■ WHAT THIS TASK INVOLVES: Make an exact copy of all the entries below, with the pictures left out.

■ PROVIDED RECORDS:
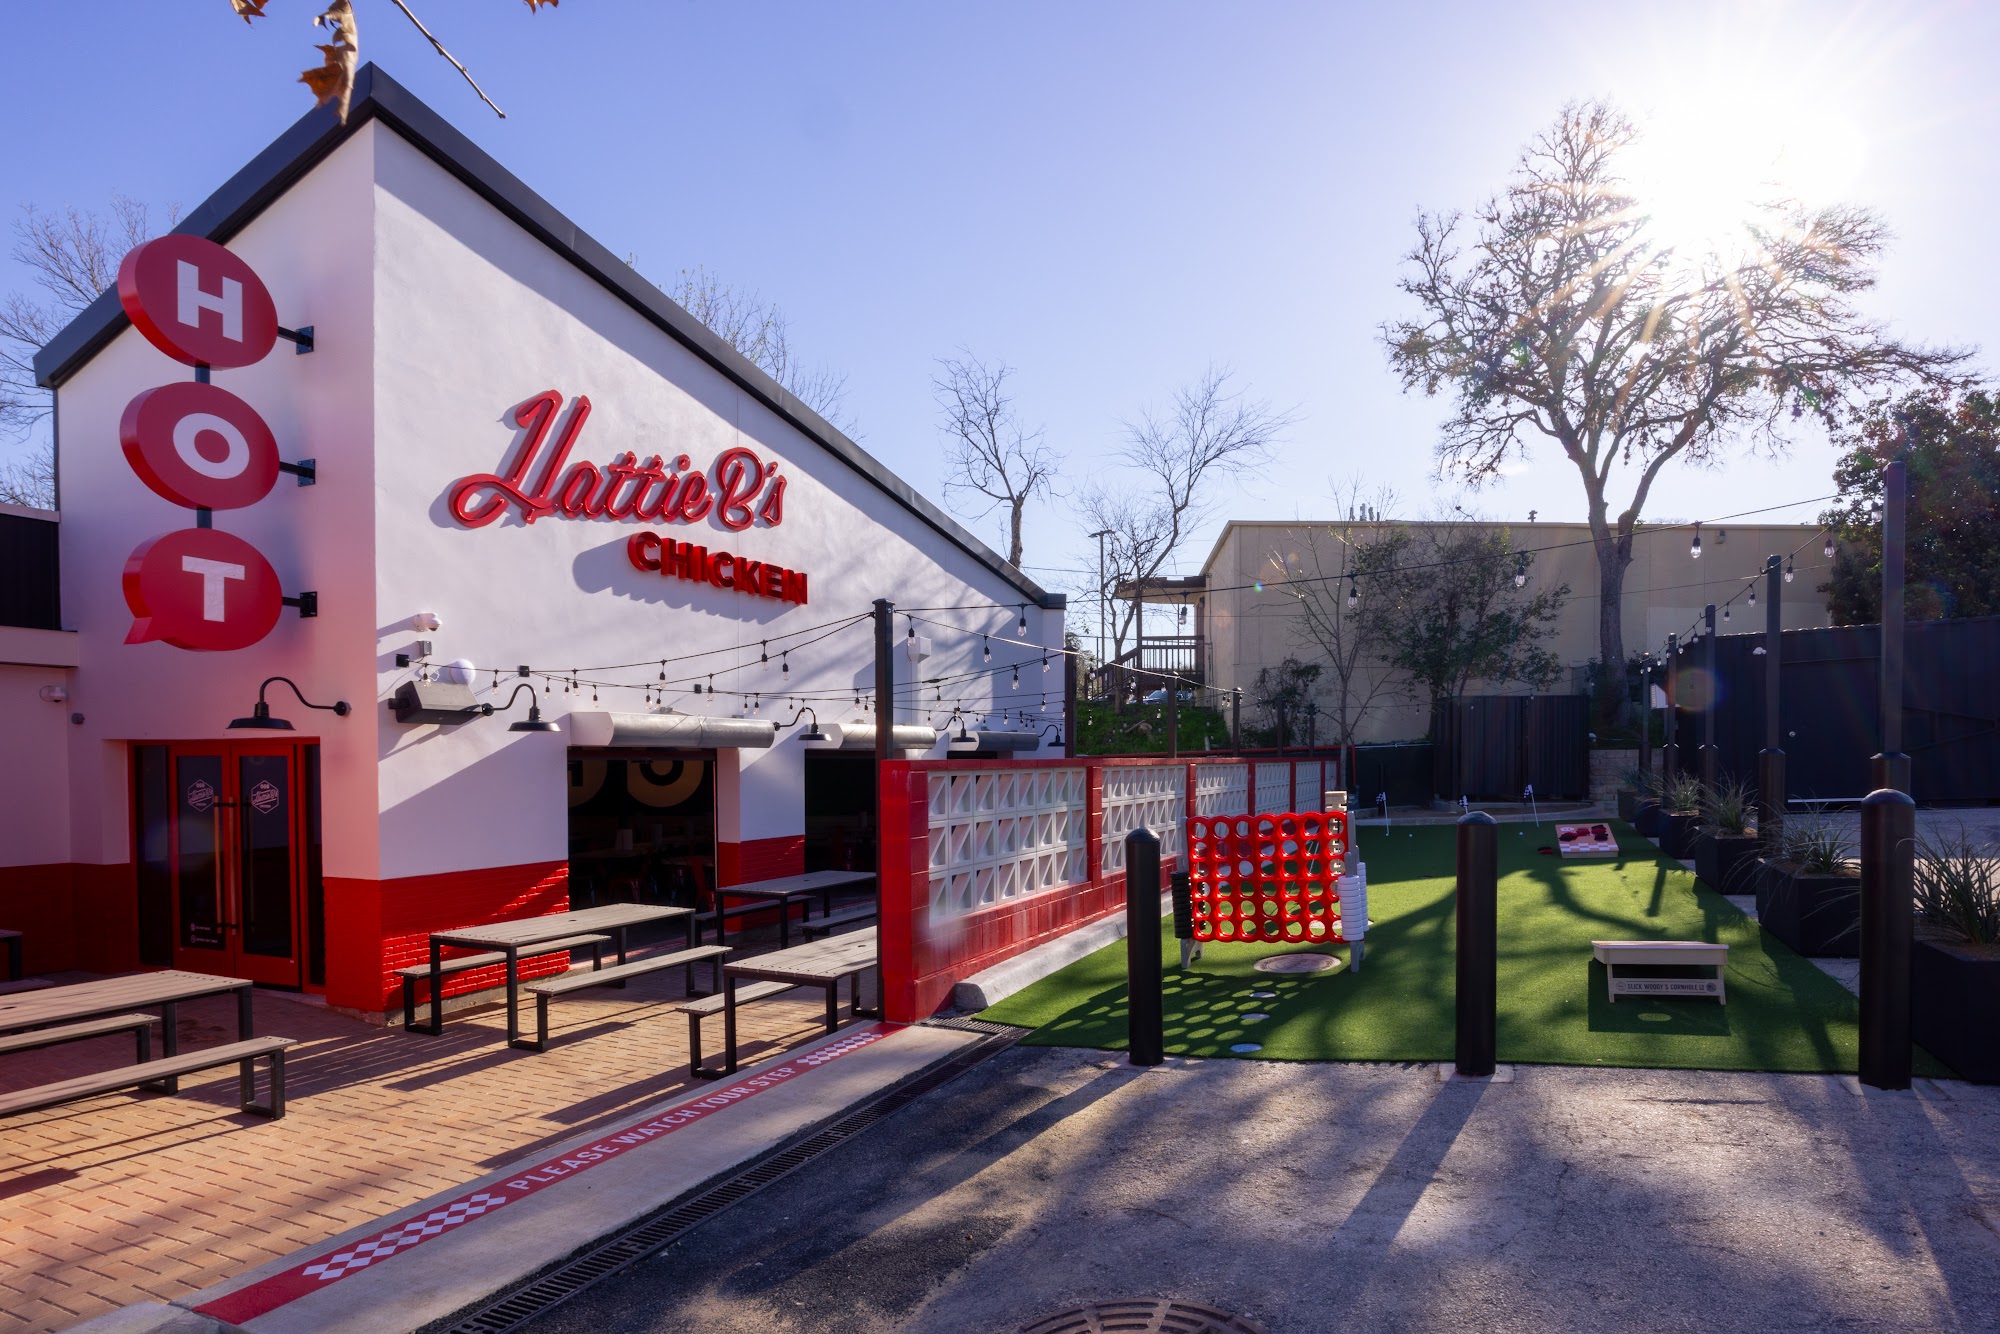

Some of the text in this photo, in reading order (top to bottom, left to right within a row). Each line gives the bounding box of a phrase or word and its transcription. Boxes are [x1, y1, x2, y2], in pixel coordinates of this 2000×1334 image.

[449, 389, 788, 532] Hattie B's
[627, 531, 808, 605] CHICKEN
[507, 1067, 796, 1190] PLEASE WATCH YOUR STEP
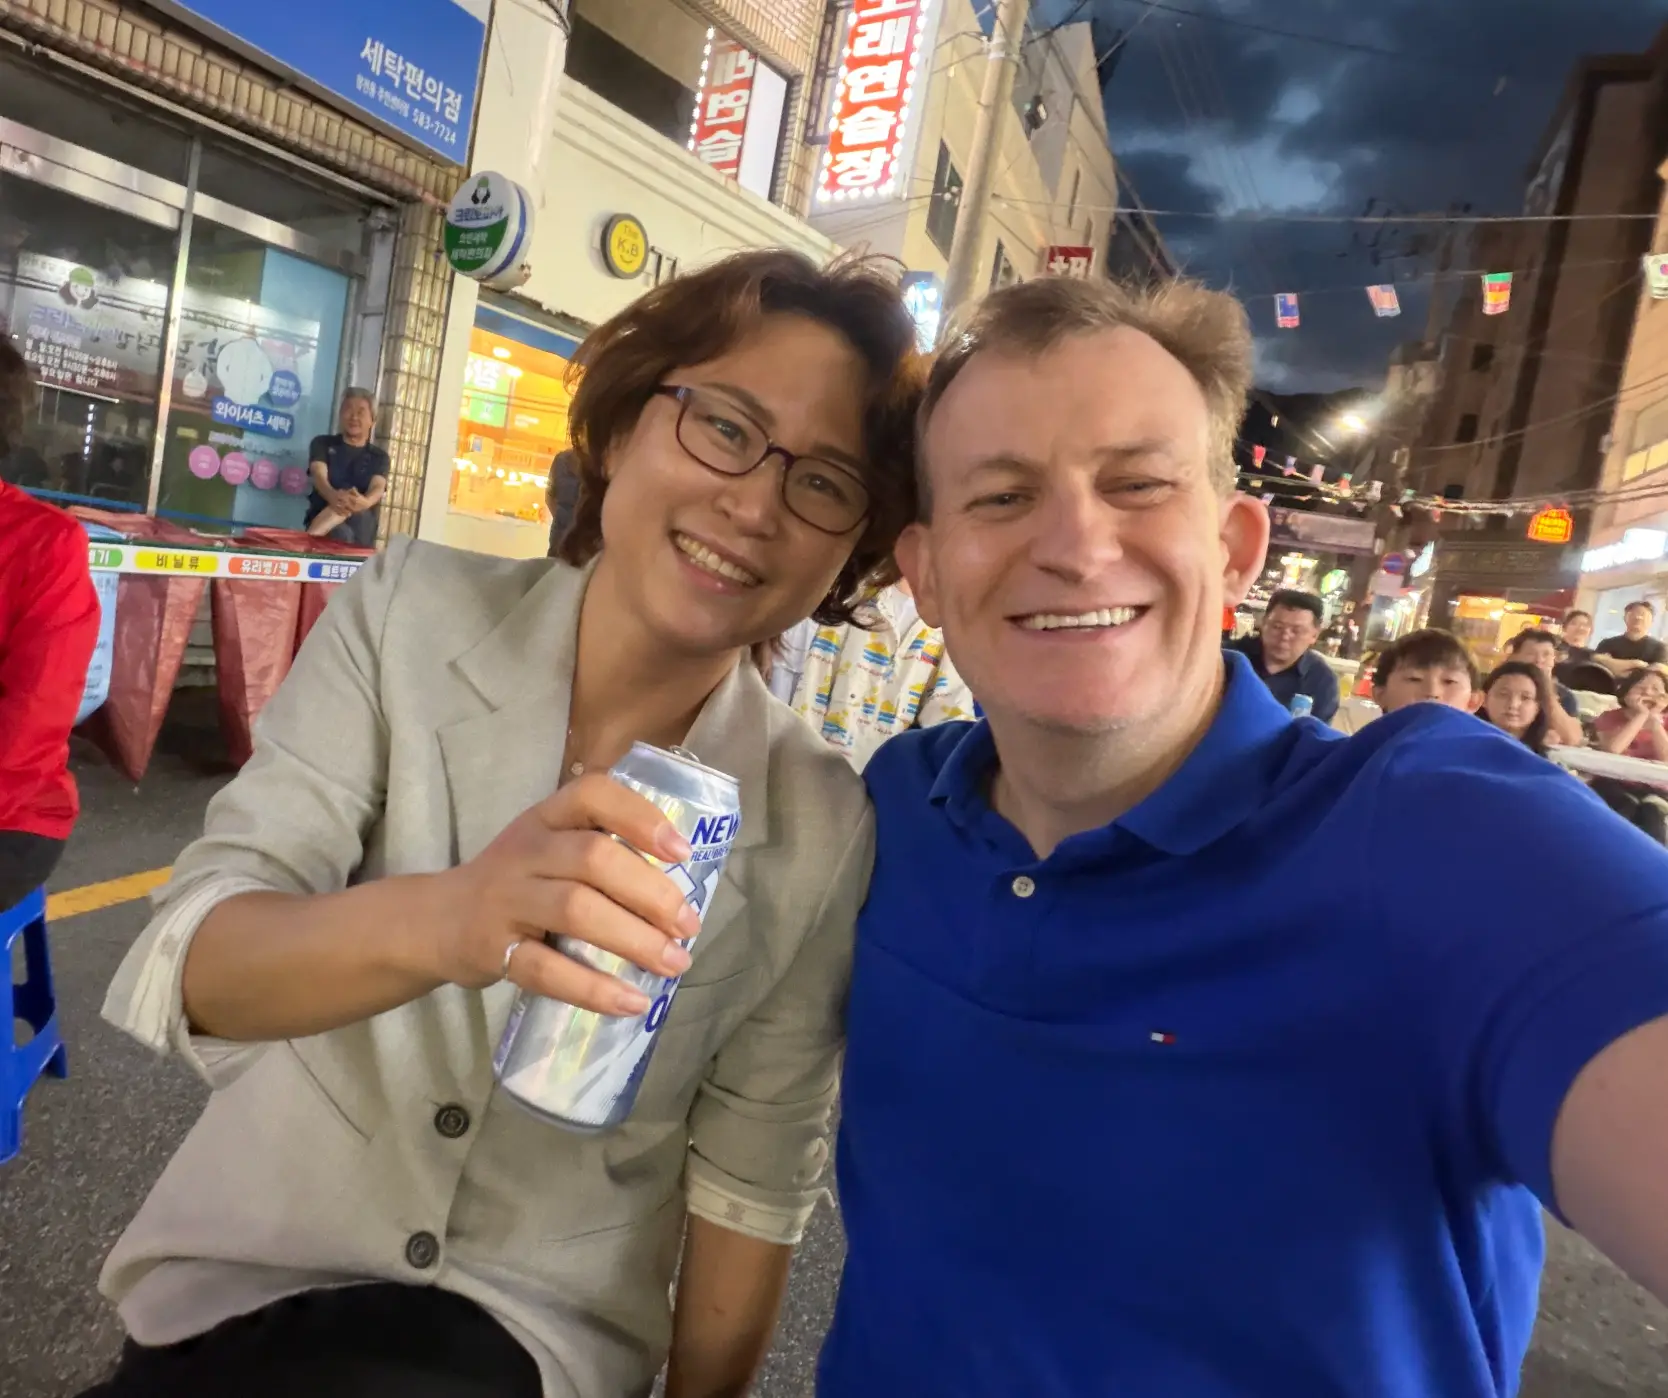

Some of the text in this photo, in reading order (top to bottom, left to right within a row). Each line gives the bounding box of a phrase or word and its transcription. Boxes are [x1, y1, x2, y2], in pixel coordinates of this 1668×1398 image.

■ EXERCISE RESULT:
Some of the text in this photo, in reading order (top to bottom, left to right within a row). Each line gives the bounding box of a phrase or word and its transcription. Boxes are [x1, y1, x2, y2], in pixel coordinates of this 2000×1334 image.

[449, 389, 788, 532] Hattie B's
[627, 531, 808, 605] CHICKEN
[507, 1067, 796, 1190] PLEASE WATCH YOUR STEP

Some of the text in this photo, in reading order (top to bottom, left to right within a row). Each line gives the bounding box of a phrase or word and its transcription. Boxes are [x1, y1, x2, y2], in pixel coordinates of this 1668×1398 image.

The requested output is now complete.